An upper-level trough moving eastward along the US-Canadian border helped steer Sandy northward, while a blocking ridge downstream over the northern Atlantic ultimately forced Sandy westward towards the New Jersey coast [2]. After some weakening over Cuba due to topography, Sandy fell below hurricane strength. As Sandy moved northward along the U.S. east coast, the interaction of the upper-level trough and the warm Gulf Stream sea surface temperatures (SSTs) resulted in a re-intensification to a category 1. Additionally, the radial extent of tropical storm force winds around Sandy increased to 2300 km at 12:00 UTC, 28 October, as cold air wrapped around the vortex and formed a warm secluded frontal structure [2].

The National Weather Service (NWS) declassified Sandy as a hurricane just before landfall (21:00 UTC, 29 October) [3], but its unprecedented large size, slow progression, and track resulted in record-high storm surges along coastal New York and New Jersey [1]. The storm tide (surge + tide) for Sandy was around 4.40 m above mean lower low water (1.0 m; MLLW; 1983–2001) at the southern tip of Manhattan Island, which was the largest storm-tide in recorded history (150 year) at this location.

The sustained winds (36 m s⁻¹) were category 1 hurricane-equivalent (minimum pressure 945 hPa) when Sandy made landfall over southern New Jersey [1]. Tropical storm force winds extended over 500 km to the north and east of the system (see NHC Best Track 2014 Figure 1), and the significant wave height peaked at around 10 m at National Data buoy 44025 60 km south of Long Island [4]. The official National Hurricane Center (NHC) track errors for Hurricane Sandy were about 50.0% lower than the long-term mean track error for 48-h to 96-h track forecasts, which demonstrates that Sandy’s operational forecast was relatively accurate [1].

Experimental real-time forecasts during Sandy, including the Pennsylvania State University (PSU) Weather Research and Forecasting (WRF)—Ensemble Kalman Filter (EnKF) system that assimilated airborne Doppler radar observations [5,6] were analyzed. At a forecast lead-time four to five days prior to landfall, nearly 18.0% of the PSU WRF-EnKF ensemble members did not predict United States landfall. Munsell and Zhang [6] showed that the uncertainty in the initial environmental steering-level flow over the tropics and Sandy’s subsequent interaction with the approaching mid-level trough resulted in much of the spread of the Sandy track forecasts.

Figure 1. Track of hurricane Sandy for the best track (bold cyan), control WRF member (bold black), and 11 ensemble WRF members (see legend) starting at 00:00 UTC, 26 October 2012 (symbols plotted every 12 h). The location of The Battery tide gauge for the verification is shown at the NYC location (blue cross).

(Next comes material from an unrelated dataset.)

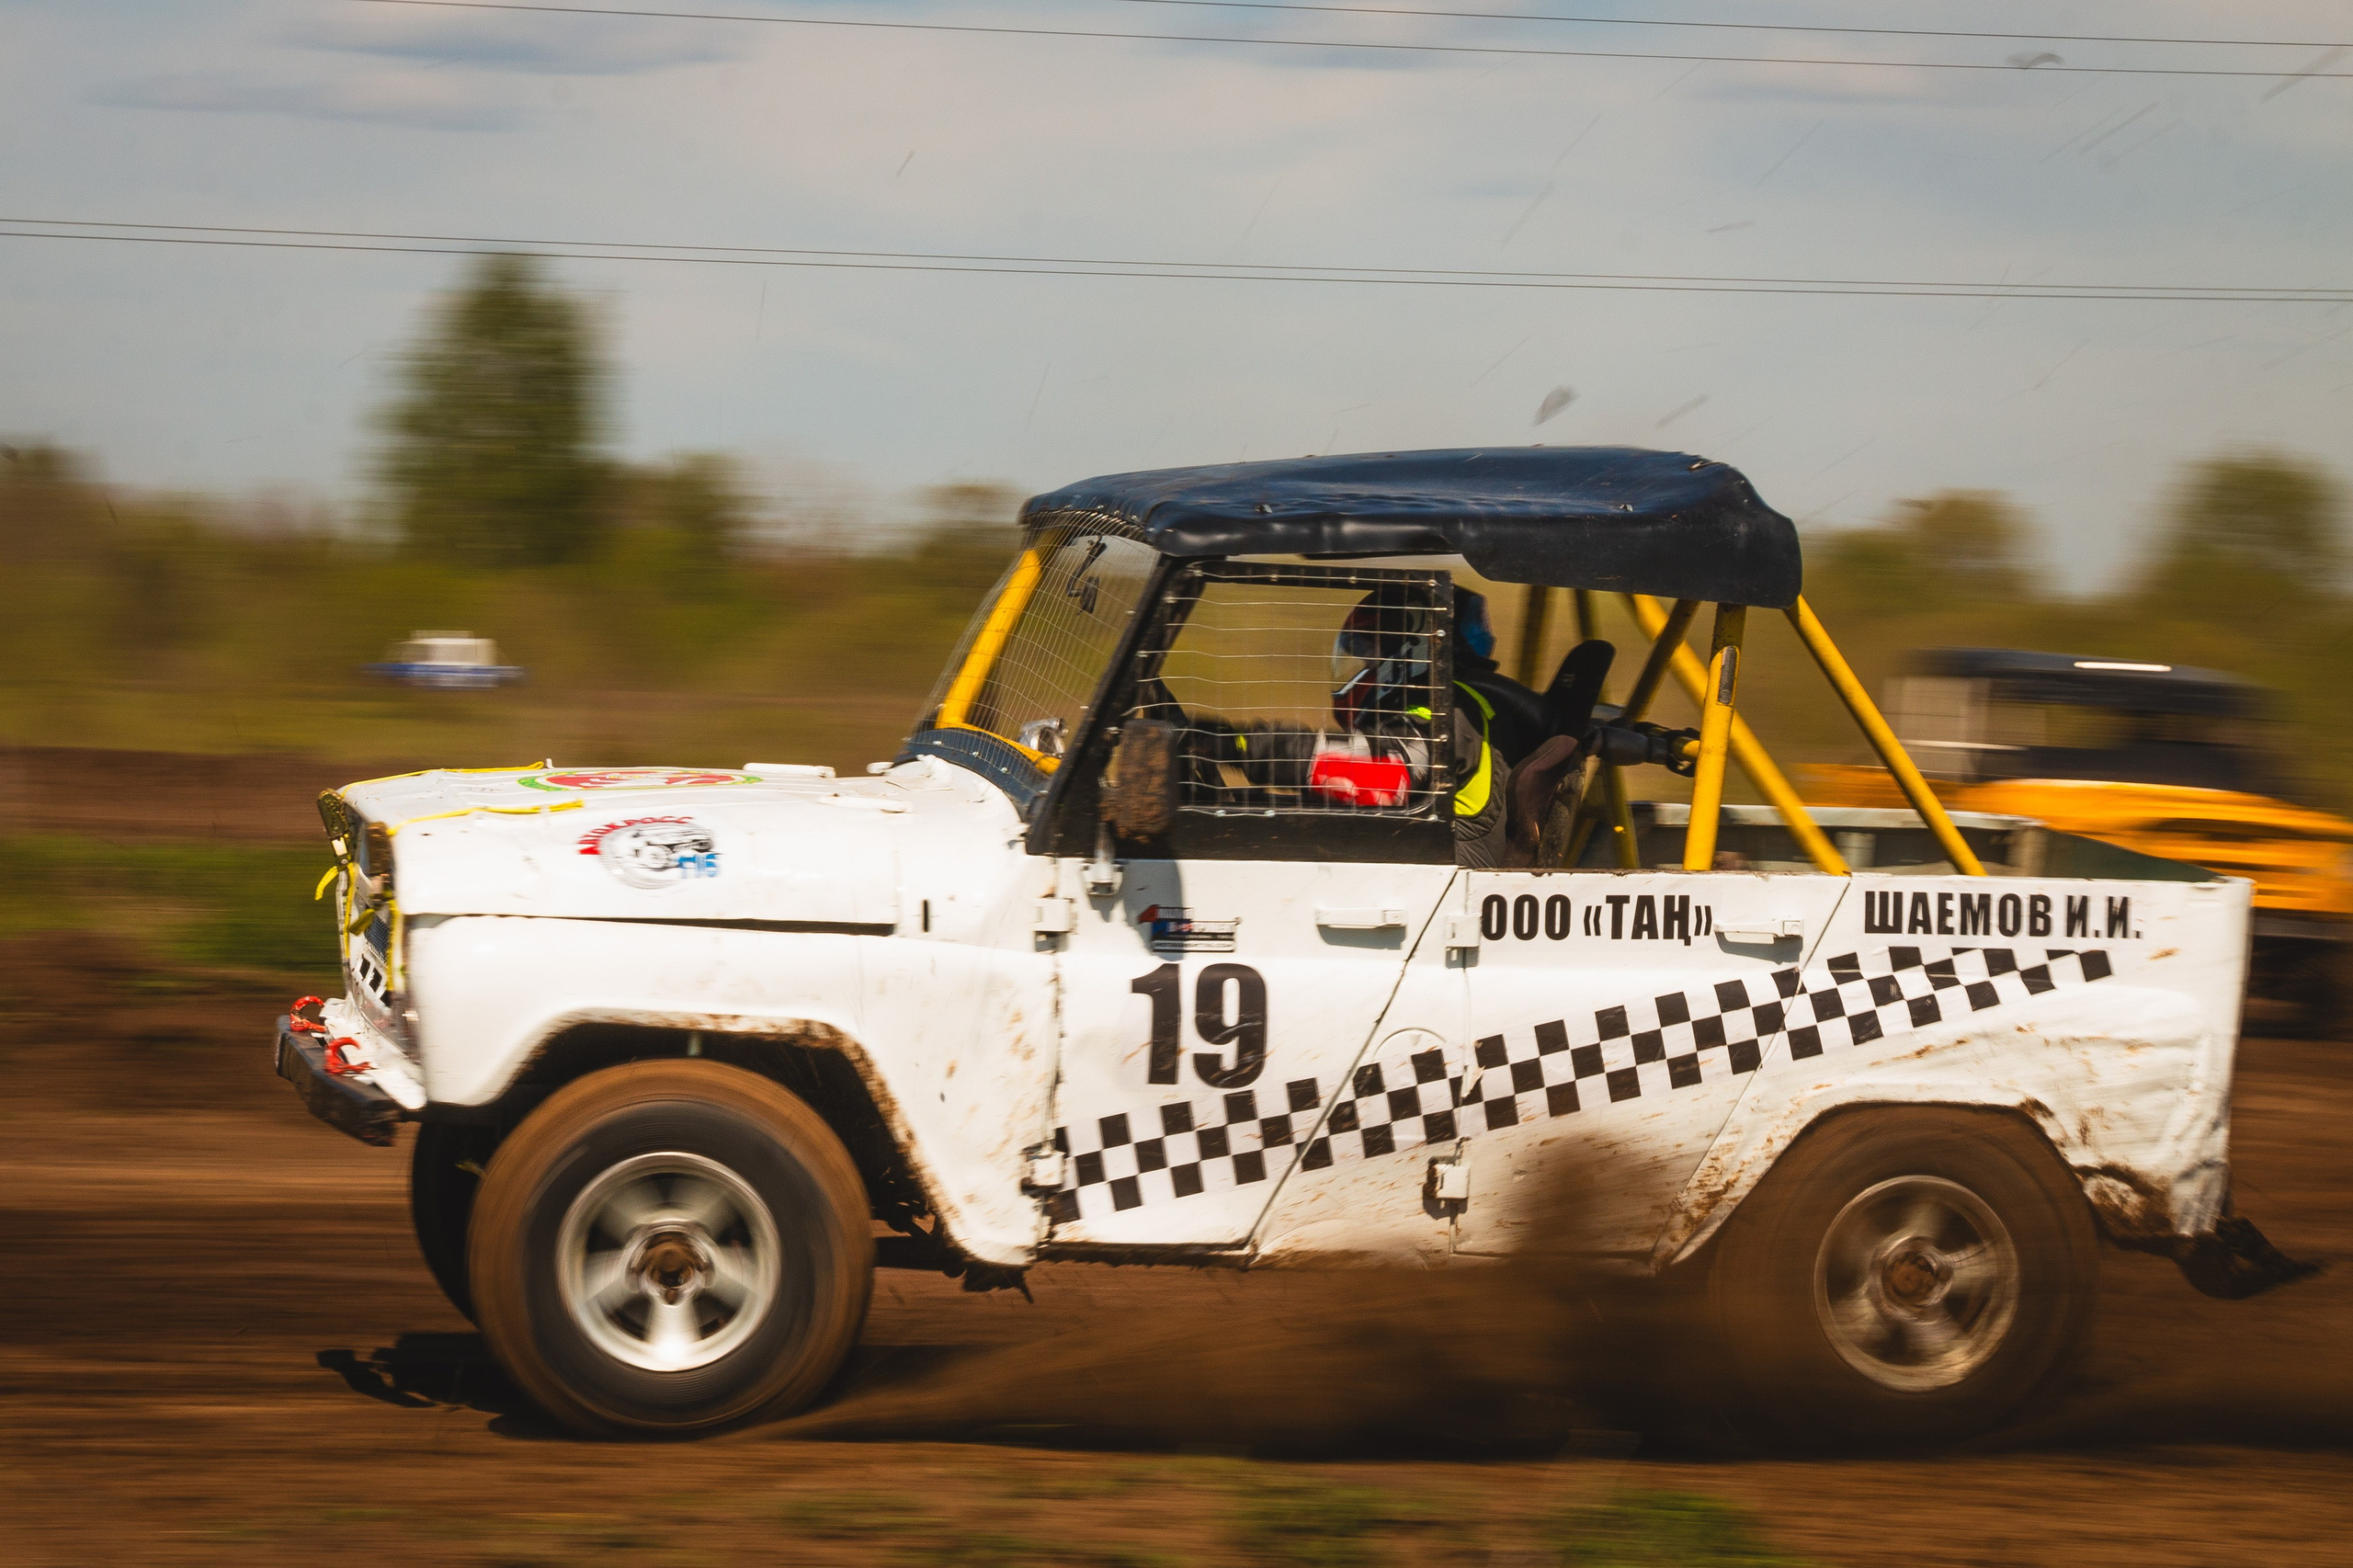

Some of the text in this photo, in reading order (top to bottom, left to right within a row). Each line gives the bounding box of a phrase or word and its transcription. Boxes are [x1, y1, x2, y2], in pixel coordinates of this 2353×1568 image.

Figure 1. Track of hurricane Sandy for the best track (bold cyan), control WRF member (bold black), and 11 ensemble WRF members (see legend) starting at 00:00 UTC, 26 October 2012 (symbols plotted every 12 h). The location of The Battery tide gauge for the verification is shown at the NYC location (blue cross).

Even for those tracks that predicted landfall within about 150 km of observed, the operational surge models in the region, including the NOAA extra tropical surge model [7,8], Stevens Institute NYHOPS (SIT-NYHOPS, Hoboken, NJ, USA; [9], and the Stony Brook Surge Model [10,11], under-predicted the surge by 0.50 to 1.0 m starting at a lead time of 48 h (not shown).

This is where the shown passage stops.